Dataset Start Marker
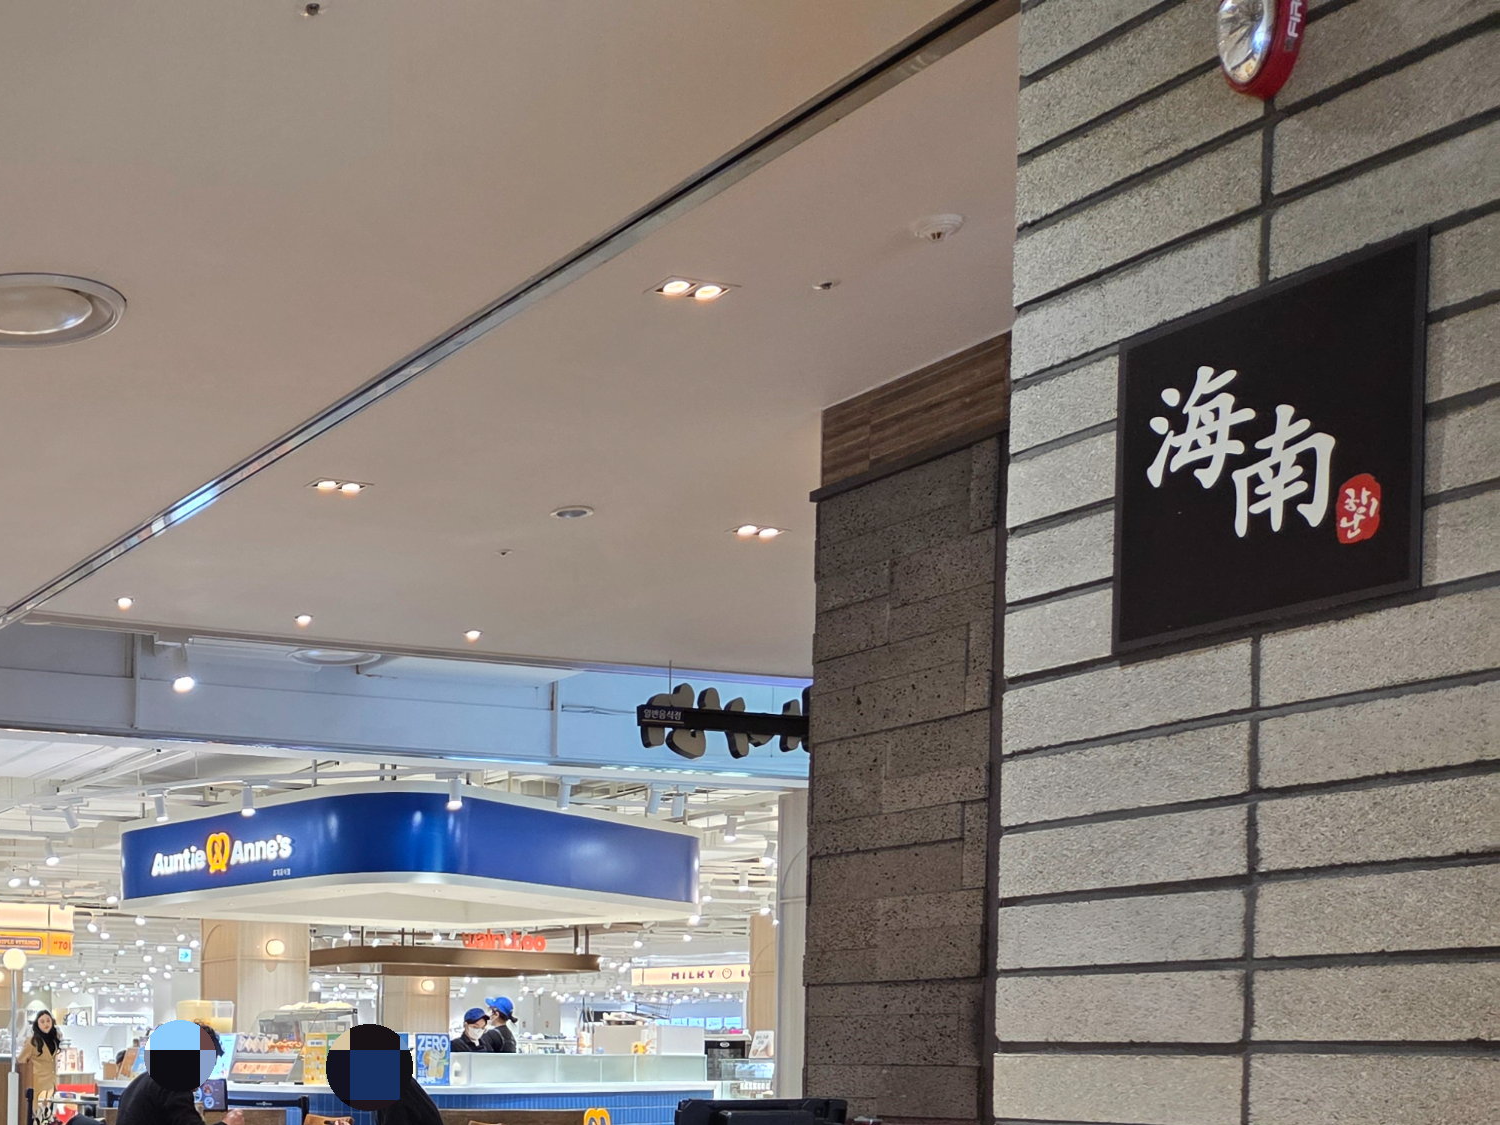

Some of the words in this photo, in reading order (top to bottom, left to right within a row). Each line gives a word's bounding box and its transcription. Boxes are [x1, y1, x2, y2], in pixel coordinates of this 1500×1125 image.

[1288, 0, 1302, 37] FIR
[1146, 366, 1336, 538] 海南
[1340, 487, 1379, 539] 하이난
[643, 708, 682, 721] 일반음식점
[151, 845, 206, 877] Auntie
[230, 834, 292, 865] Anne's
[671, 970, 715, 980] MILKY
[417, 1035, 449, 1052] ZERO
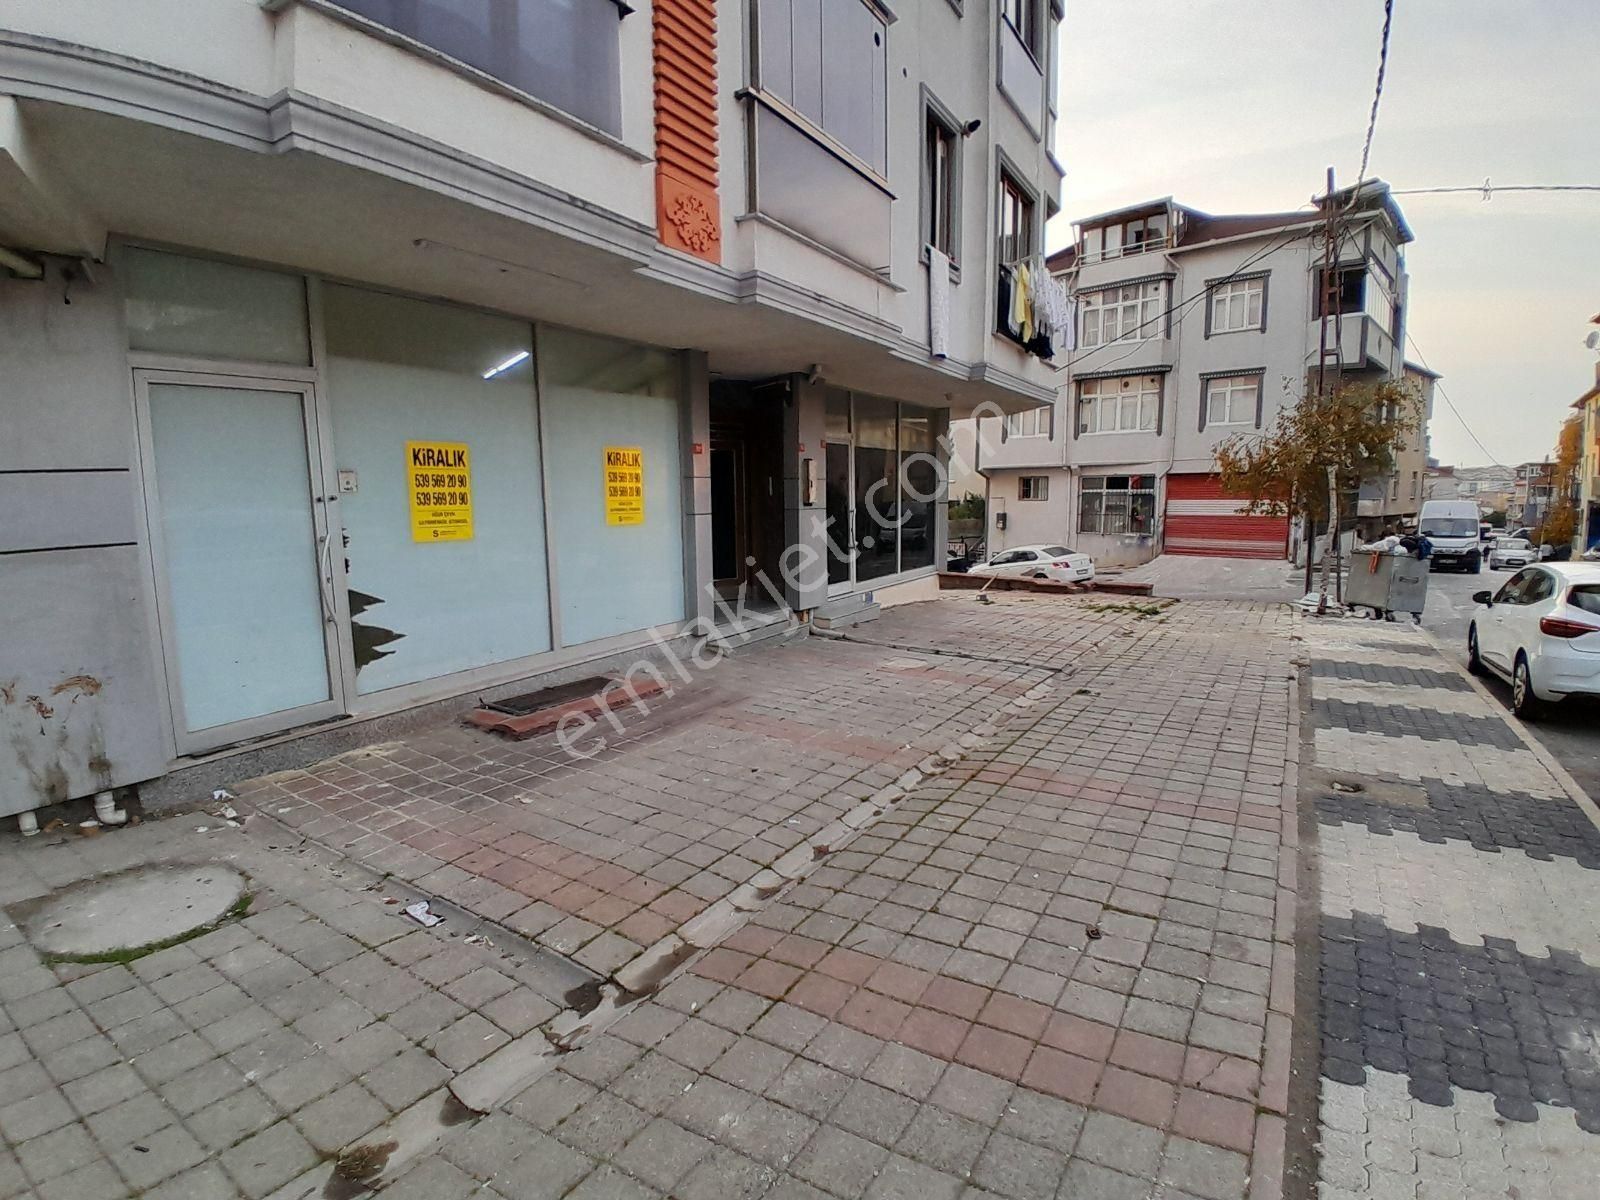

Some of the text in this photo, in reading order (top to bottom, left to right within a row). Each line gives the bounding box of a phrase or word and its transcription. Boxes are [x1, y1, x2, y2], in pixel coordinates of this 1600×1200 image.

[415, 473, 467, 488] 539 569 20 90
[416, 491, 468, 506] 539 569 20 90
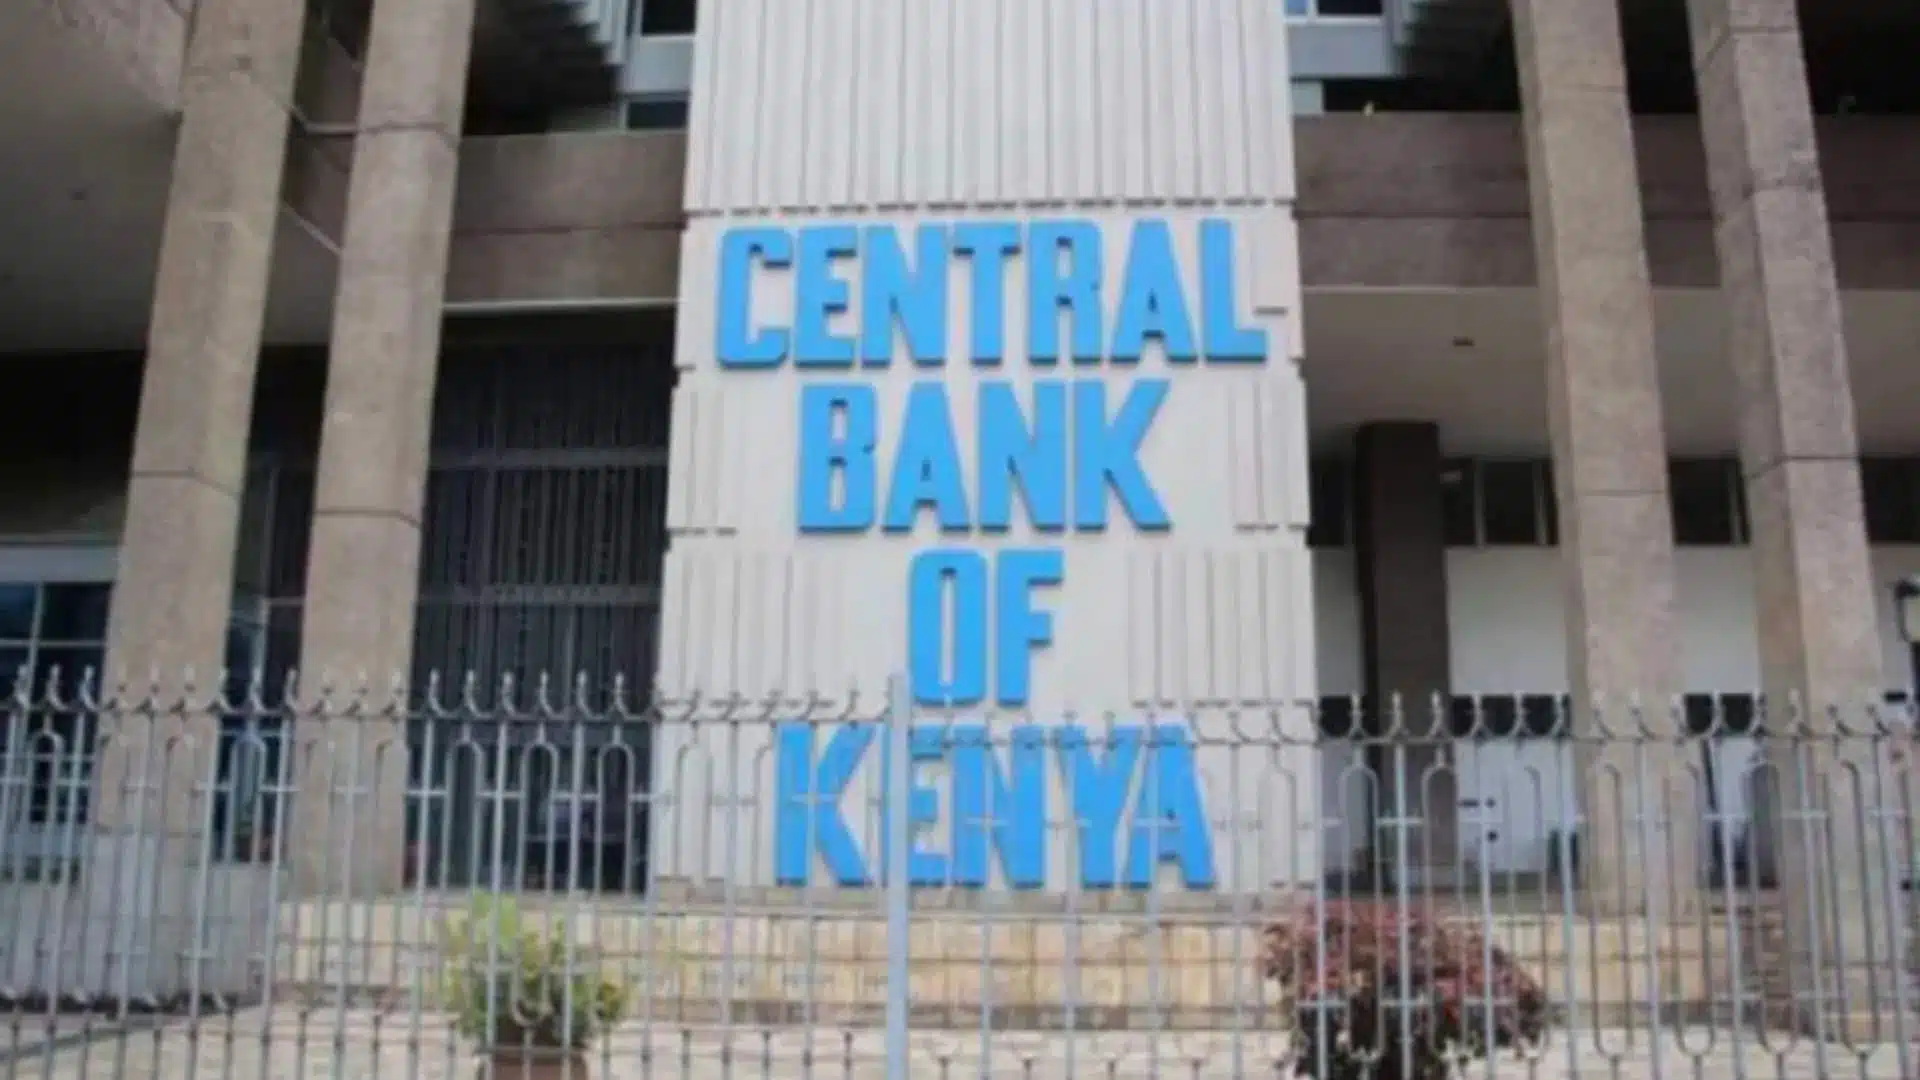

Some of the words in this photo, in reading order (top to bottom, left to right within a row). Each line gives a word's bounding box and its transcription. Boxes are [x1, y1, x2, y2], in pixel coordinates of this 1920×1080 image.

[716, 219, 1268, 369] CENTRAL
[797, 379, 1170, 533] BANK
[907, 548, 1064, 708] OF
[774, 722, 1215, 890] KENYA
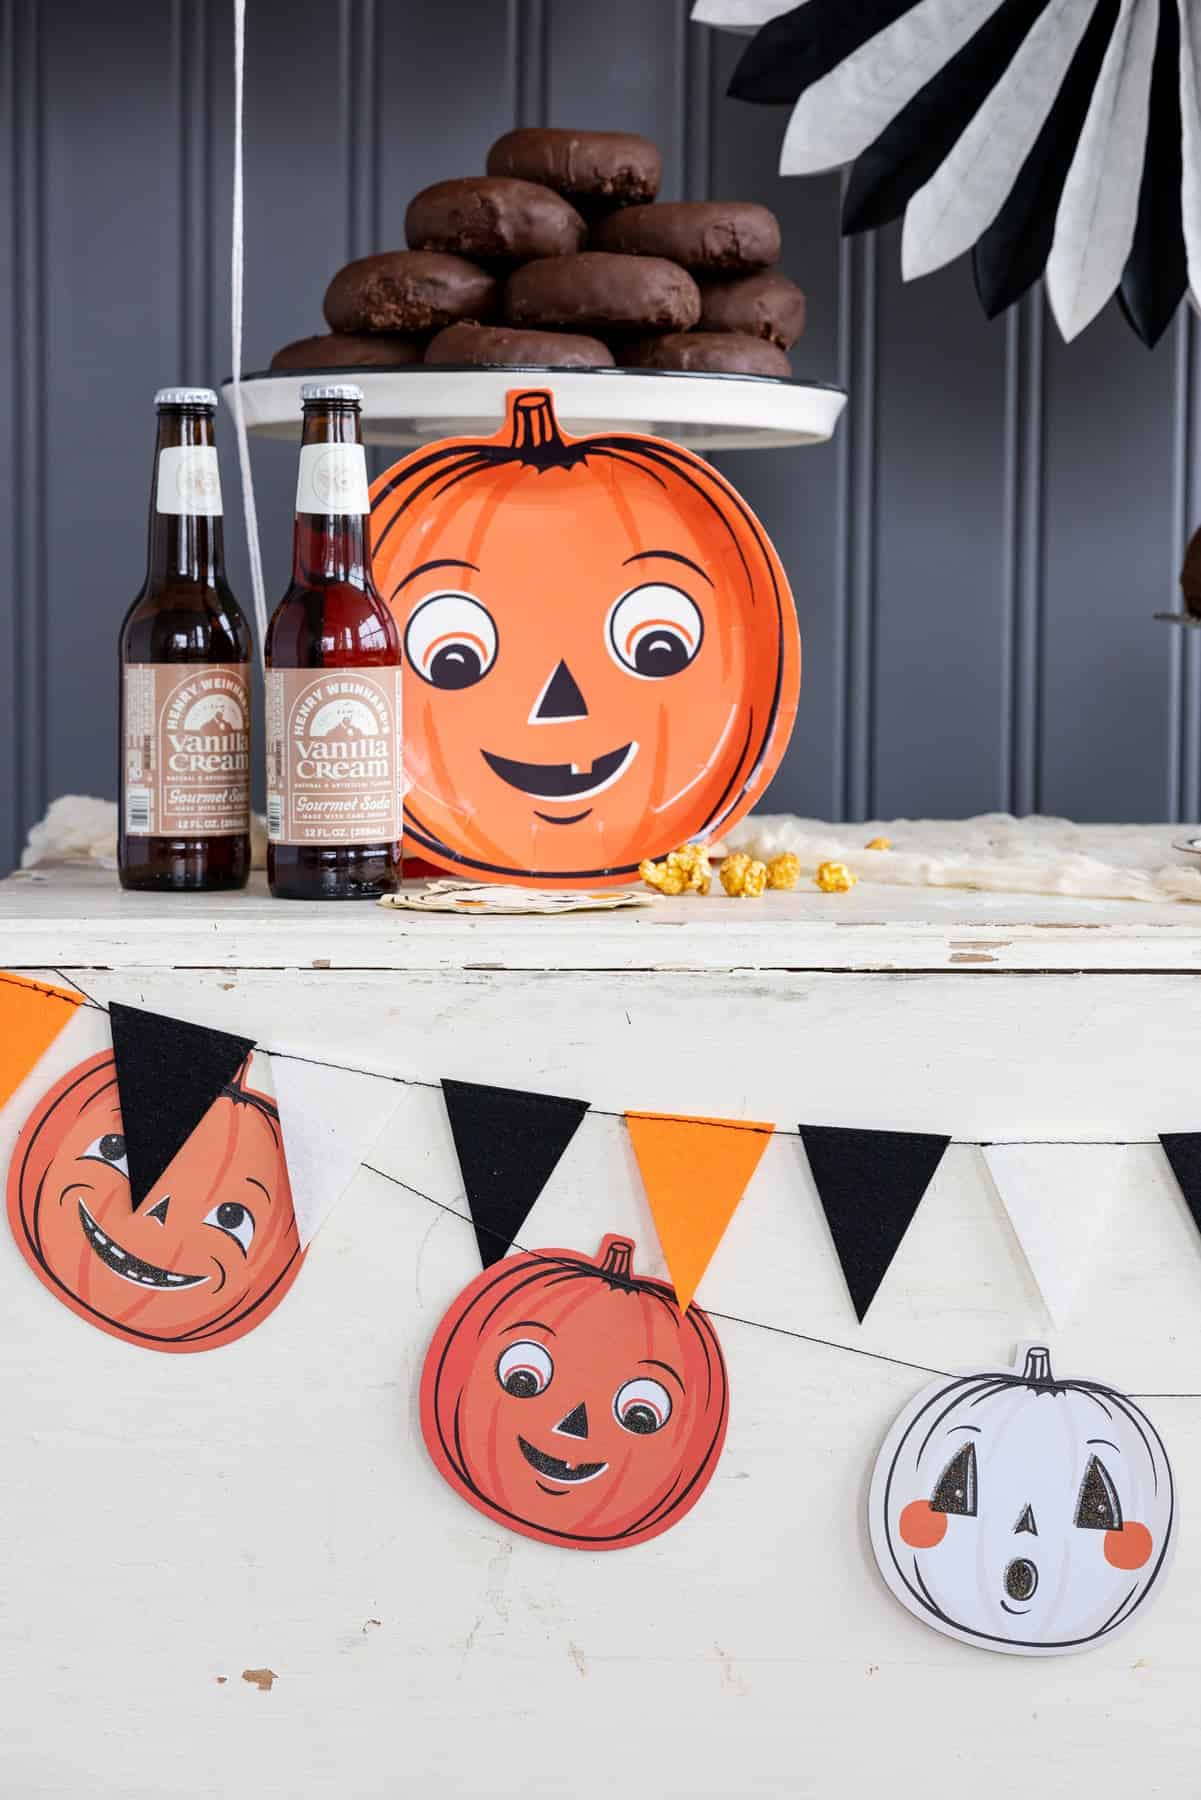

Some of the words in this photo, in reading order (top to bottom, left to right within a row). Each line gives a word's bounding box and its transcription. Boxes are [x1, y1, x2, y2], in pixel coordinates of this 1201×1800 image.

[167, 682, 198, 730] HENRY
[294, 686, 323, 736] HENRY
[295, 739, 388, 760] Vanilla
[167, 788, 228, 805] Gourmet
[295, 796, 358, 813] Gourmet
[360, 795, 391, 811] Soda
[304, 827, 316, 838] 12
Dataset End Marker
**To do**
Reproduce the data above in full, exactly as it is, with the pictures left out.

**Expected answer**
Some of the words in this photo, in reading order (top to bottom, left to right within a row). Each line gives a word's bounding box and its transcription. Boxes are [x1, y1, x2, y2], in pixel coordinates of this 1500×1125 image.

[1288, 0, 1302, 37] FIR
[1146, 366, 1336, 538] 海南
[1340, 487, 1379, 539] 하이난
[643, 708, 682, 721] 일반음식점
[151, 845, 206, 877] Auntie
[230, 834, 292, 865] Anne's
[671, 970, 715, 980] MILKY
[417, 1035, 449, 1052] ZERO

Some of the text in this photo, in reading order (top to bottom, left to right within a row). Each line gives the bounding box of a phrase or word and its transcription. Boxes are [x1, y1, x2, y2], in pixel coordinates of this 1600×1200 image.

[415, 473, 467, 488] 539 569 20 90
[416, 491, 468, 506] 539 569 20 90

Some of the words in this photo, in reading order (top to bottom, left to right within a row). Each line gives a word's bounding box and its transcription. Boxes are [x1, y1, x2, y2], in pixel coordinates of this 1920×1080 image.

[716, 219, 1268, 369] CENTRAL
[797, 379, 1170, 533] BANK
[907, 548, 1064, 708] OF
[774, 722, 1215, 890] KENYA

Some of the words in this photo, in reading order (top to bottom, left to right within a row). Each line gives a word's bounding box and its transcription. Boxes are [x1, y1, x2, y2], in pixel coordinates of this 1201×1800 image.

[167, 682, 198, 730] HENRY
[294, 686, 323, 736] HENRY
[295, 739, 388, 760] Vanilla
[167, 788, 228, 805] Gourmet
[295, 796, 358, 813] Gourmet
[360, 795, 391, 811] Soda
[304, 827, 316, 838] 12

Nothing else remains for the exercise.